What you return must match the records word for word, except that images are dropped.

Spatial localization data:
+++
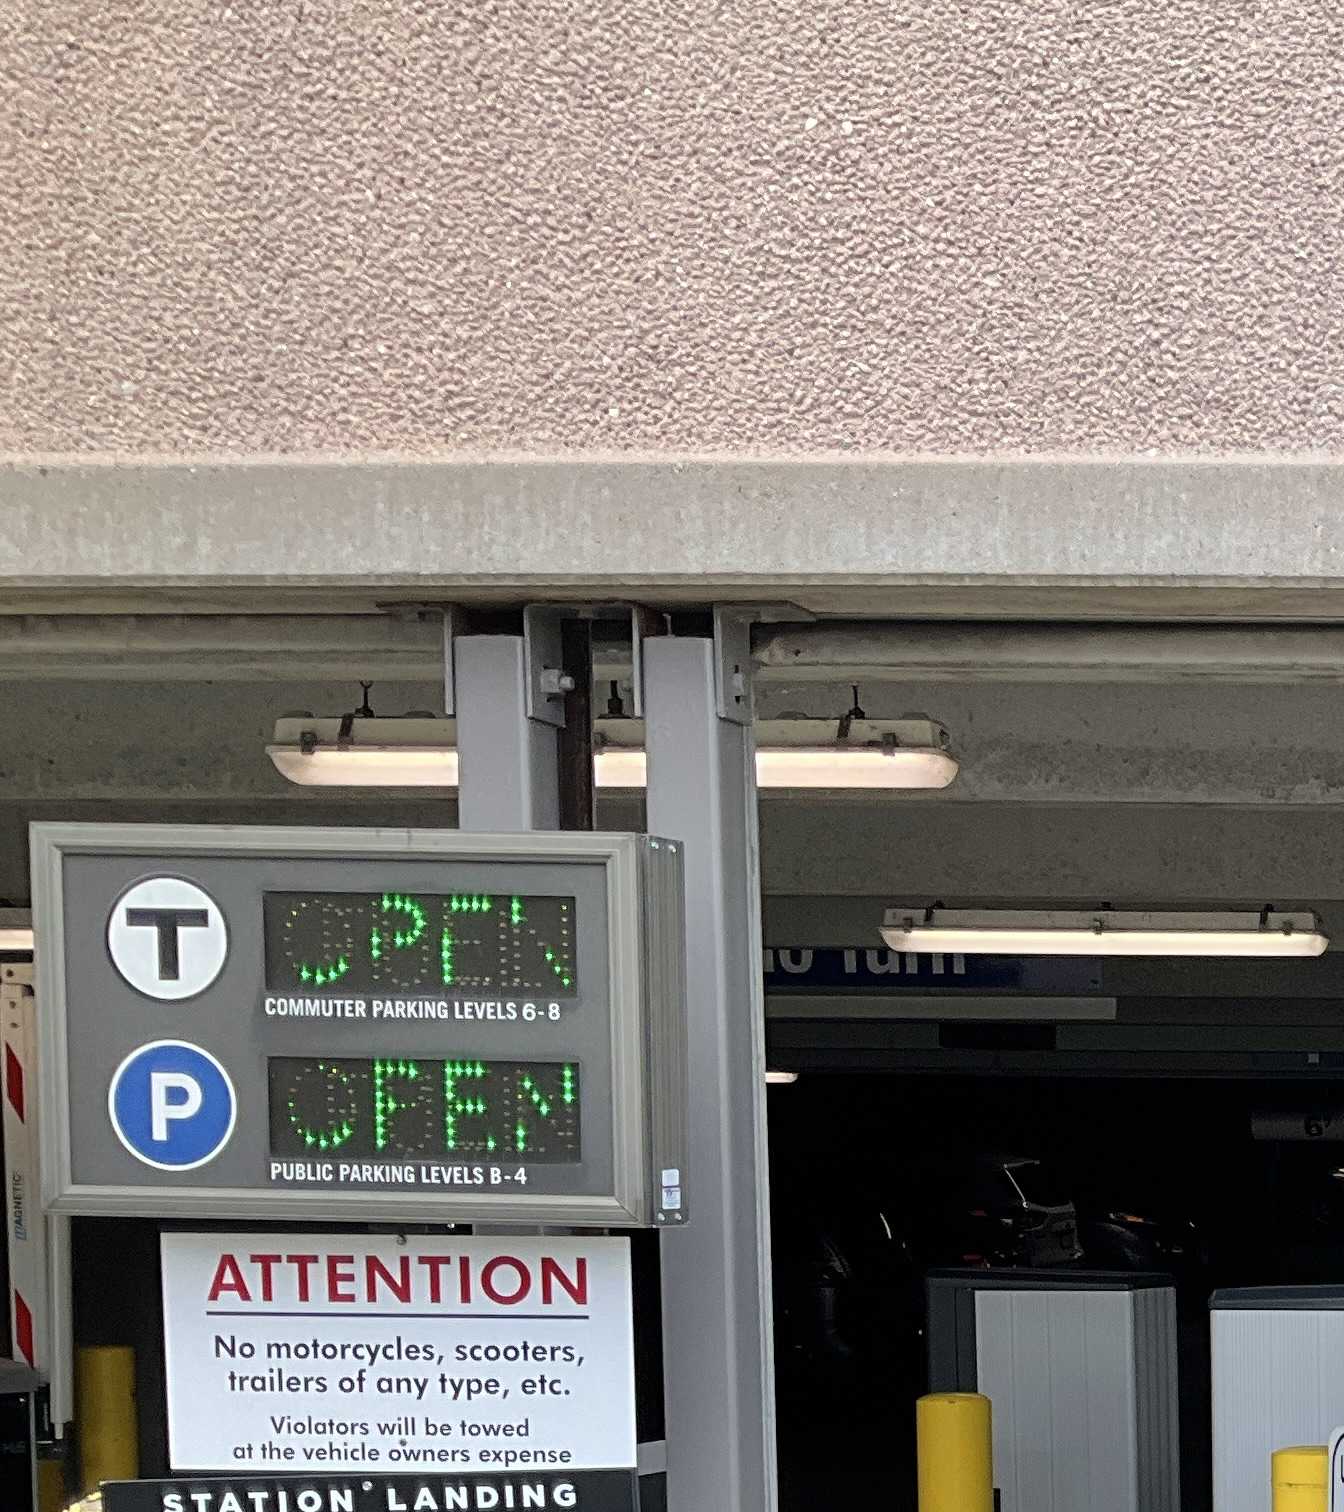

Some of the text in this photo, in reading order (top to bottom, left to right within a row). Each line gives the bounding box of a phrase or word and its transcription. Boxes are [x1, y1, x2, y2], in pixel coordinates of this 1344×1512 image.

[125, 907, 209, 980] T
[265, 998, 366, 1017] COMMUTER
[373, 1000, 448, 1018] PARKING
[455, 1002, 517, 1020] LEVELS
[151, 1072, 202, 1140] P
[271, 1163, 527, 1184] PUBLIC PARKING LEVELS B-4
[208, 1254, 587, 1305] ATTENTION
[215, 1335, 584, 1366] No motorcycles, scooters,
[229, 1368, 569, 1400] trailers of any type, etc.
[271, 1416, 528, 1436] Violators will be towed
[232, 1441, 571, 1467] at the vehicle owners expense
[388, 1484, 576, 1511] LANDING
+++
### TASK RESPONSE
Some of the text in this photo, in reading order (top to bottom, left to right within a row). Each line gives the bounding box of a phrase or word and its transcription. Boxes are [x1, y1, x2, y2], in pixel coordinates of this 1344×1512 image.

[125, 907, 209, 980] T
[265, 998, 366, 1017] COMMUTER
[373, 1000, 448, 1018] PARKING
[455, 1002, 517, 1020] LEVELS
[151, 1072, 202, 1140] P
[271, 1163, 527, 1184] PUBLIC PARKING LEVELS B-4
[208, 1254, 587, 1305] ATTENTION
[215, 1335, 584, 1366] No motorcycles, scooters,
[229, 1368, 569, 1400] trailers of any type, etc.
[271, 1416, 528, 1436] Violators will be towed
[232, 1441, 571, 1467] at the vehicle owners expense
[388, 1484, 576, 1511] LANDING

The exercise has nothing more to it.